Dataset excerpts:
◆ ◆ ◆ ◆ ◆
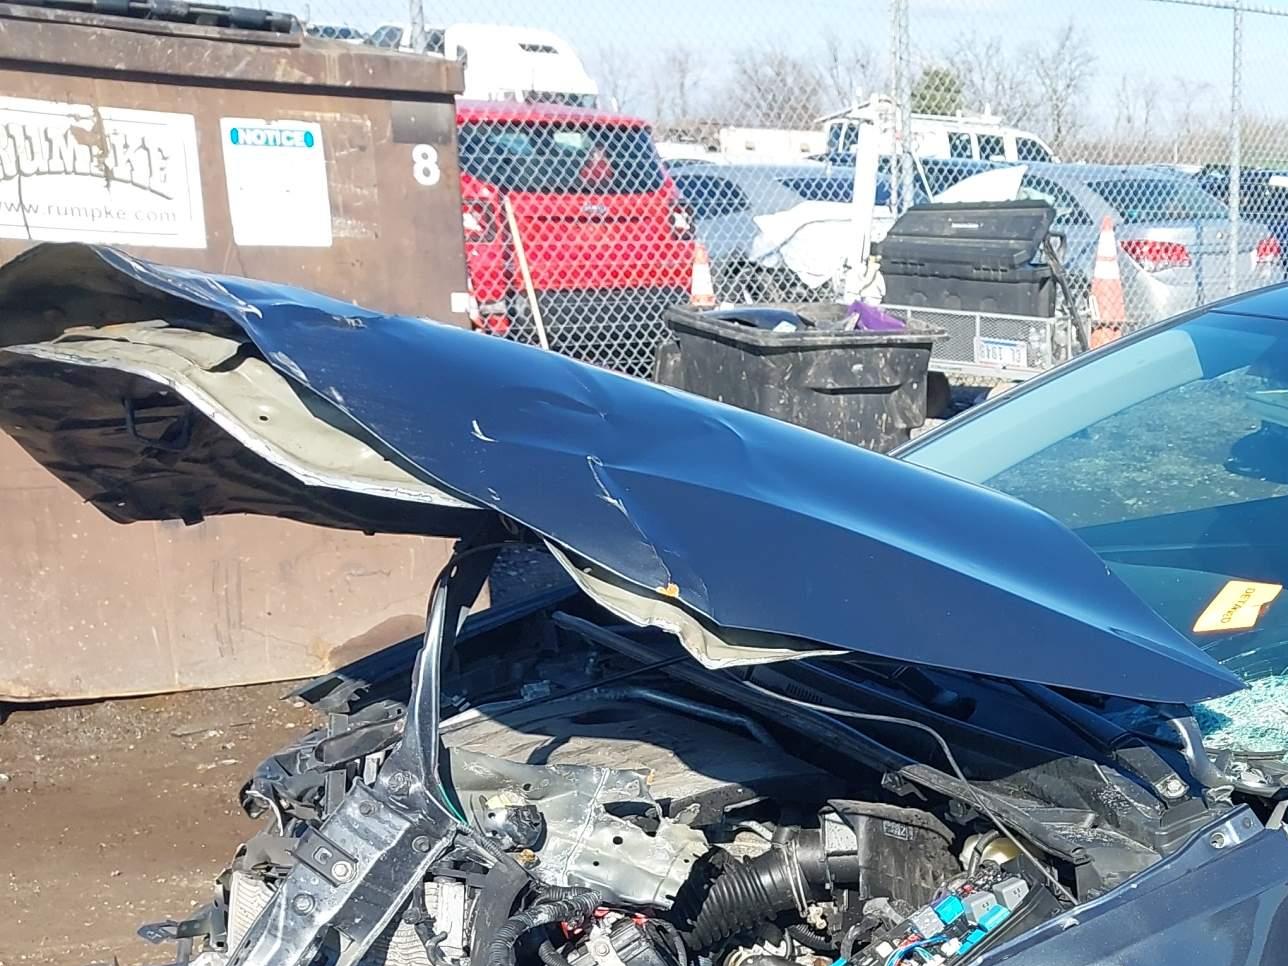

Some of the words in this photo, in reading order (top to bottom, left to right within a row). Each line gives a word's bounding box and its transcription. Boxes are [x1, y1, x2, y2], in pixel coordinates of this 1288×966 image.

[238, 128, 305, 147] NOTICE
[0, 122, 172, 199] RUMKE
[412, 144, 441, 186] 8
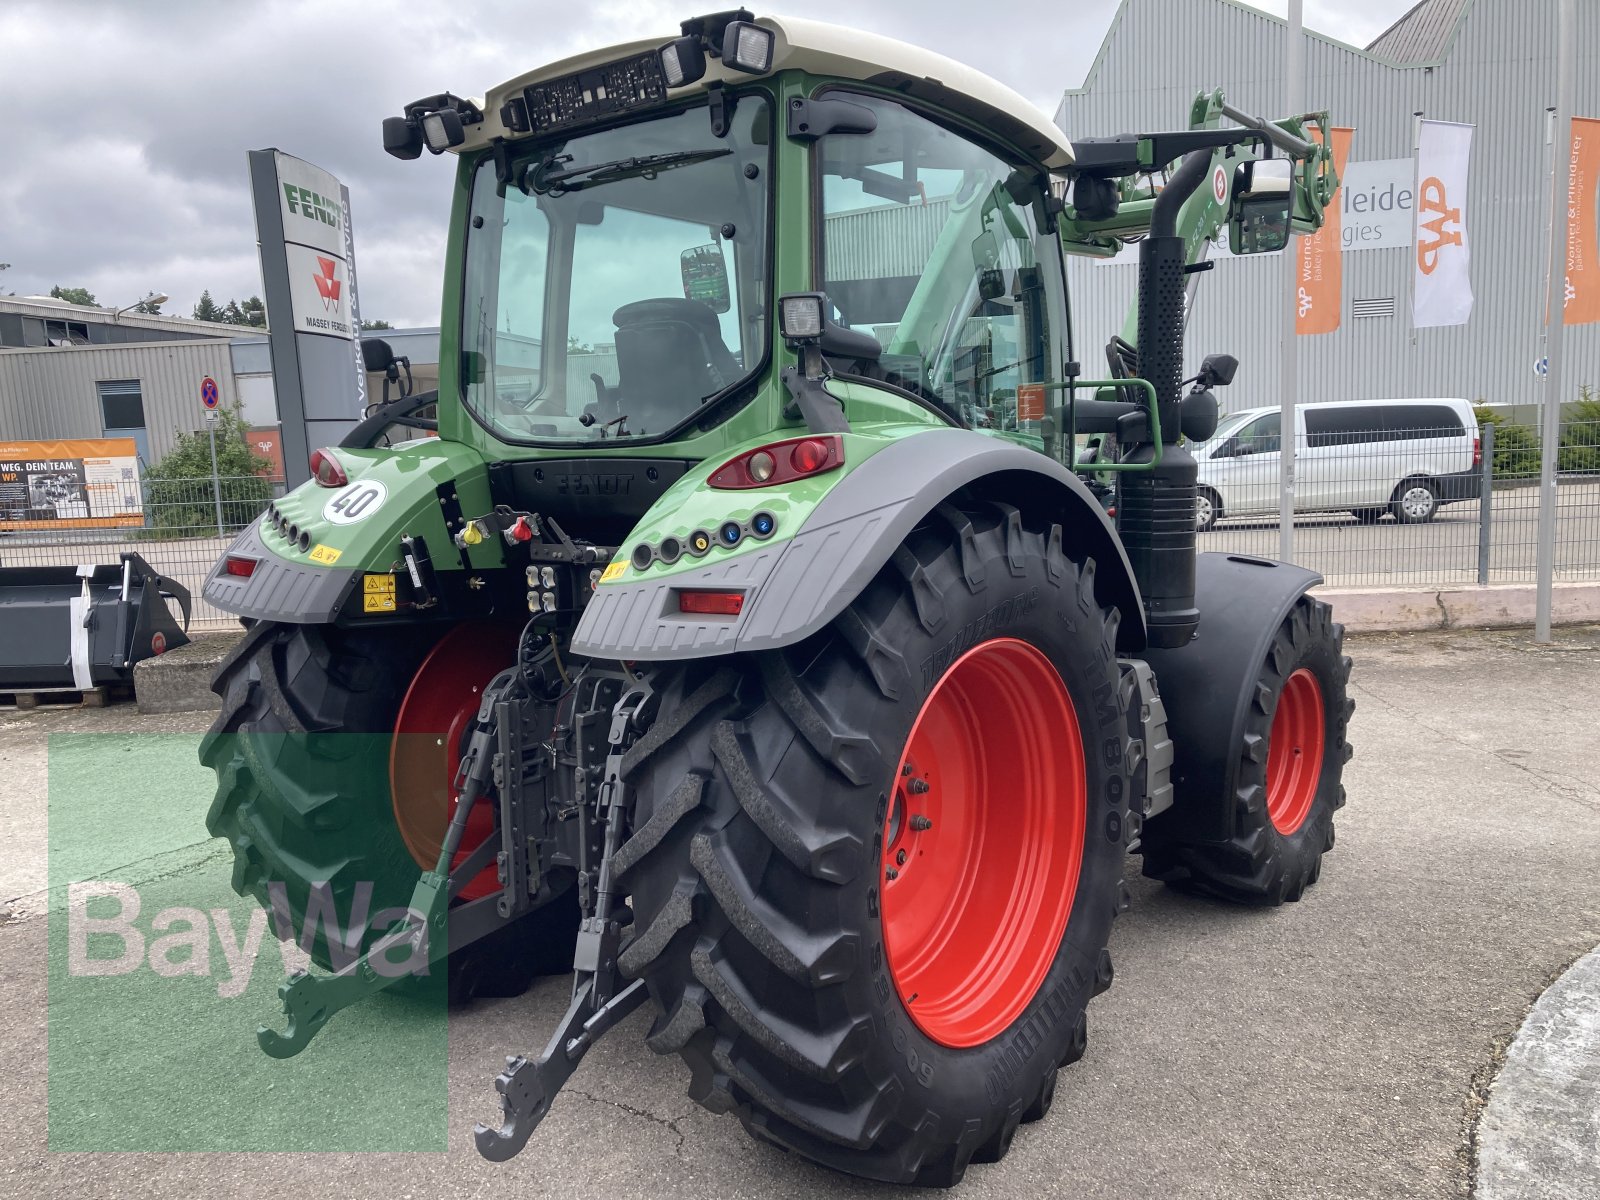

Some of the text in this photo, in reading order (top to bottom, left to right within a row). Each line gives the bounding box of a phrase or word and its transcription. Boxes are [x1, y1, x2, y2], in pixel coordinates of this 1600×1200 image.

[283, 182, 342, 231] FENDT
[1344, 182, 1413, 214] leide
[306, 316, 330, 329] MASSEY
[1, 462, 24, 472] WEG.
[26, 462, 47, 471] DEIN
[49, 461, 77, 471] TEAM.
[2, 472, 18, 481] WP.
[553, 473, 634, 497] FENDT
[331, 484, 379, 518] 40
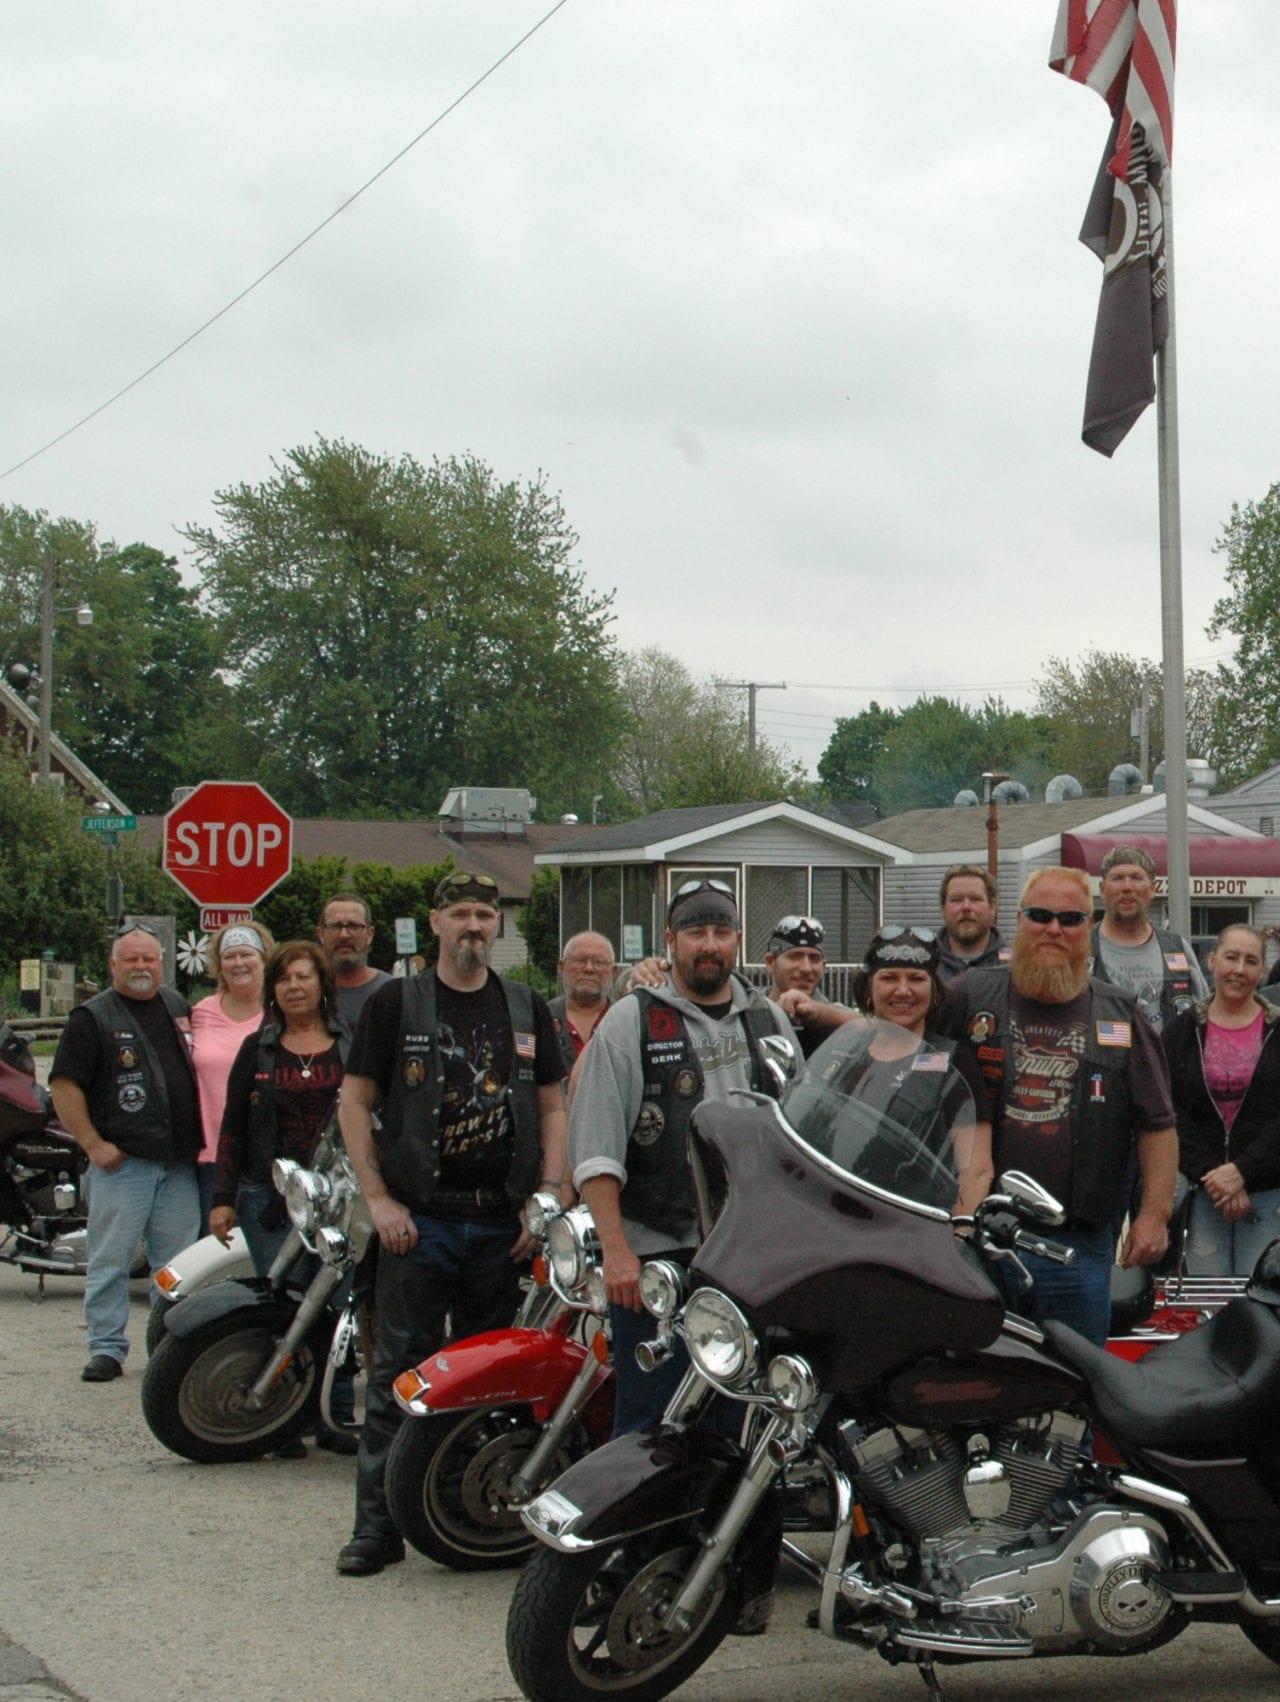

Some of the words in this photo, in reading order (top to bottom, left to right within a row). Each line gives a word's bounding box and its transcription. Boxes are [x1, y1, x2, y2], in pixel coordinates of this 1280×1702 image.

[85, 818, 126, 830] JEFFERSON
[174, 821, 282, 867] STOP
[1193, 880, 1247, 894] DEPOT
[204, 913, 223, 927] ALL
[227, 913, 250, 927] WAY
[647, 1041, 684, 1051] DIRECTOR
◆ ◆ ◆ ◆ ◆
# Problem
Retype the data above exactly. Do not carry over any images.

# Written answer
Some of the words in this photo, in reading order (top to bottom, left to right within a row). Each line gives a word's bounding box and its transcription. Boxes are [x1, y1, x2, y2], in pixel coordinates of this 1288×966 image.

[238, 128, 305, 147] NOTICE
[0, 122, 172, 199] RUMKE
[412, 144, 441, 186] 8

Some of the text in this photo, in reading order (top to bottom, left to right within a row). Each line gives the bounding box of a phrase or word and its transcription. Boxes are [x1, y1, x2, y2], in pixel coordinates of this 1600×1200 image.

[283, 182, 342, 231] FENDT
[1344, 182, 1413, 214] leide
[306, 316, 330, 329] MASSEY
[1, 462, 24, 472] WEG.
[26, 462, 47, 471] DEIN
[49, 461, 77, 471] TEAM.
[2, 472, 18, 481] WP.
[553, 473, 634, 497] FENDT
[331, 484, 379, 518] 40

Some of the words in this photo, in reading order (top to bottom, left to right within a row). Each line gives a word's bounding box and its transcription. Boxes are [x1, y1, x2, y2], in pixel coordinates of this 1280×1702 image.

[85, 818, 126, 830] JEFFERSON
[174, 821, 282, 867] STOP
[1193, 880, 1247, 894] DEPOT
[204, 913, 223, 927] ALL
[227, 913, 250, 927] WAY
[647, 1041, 684, 1051] DIRECTOR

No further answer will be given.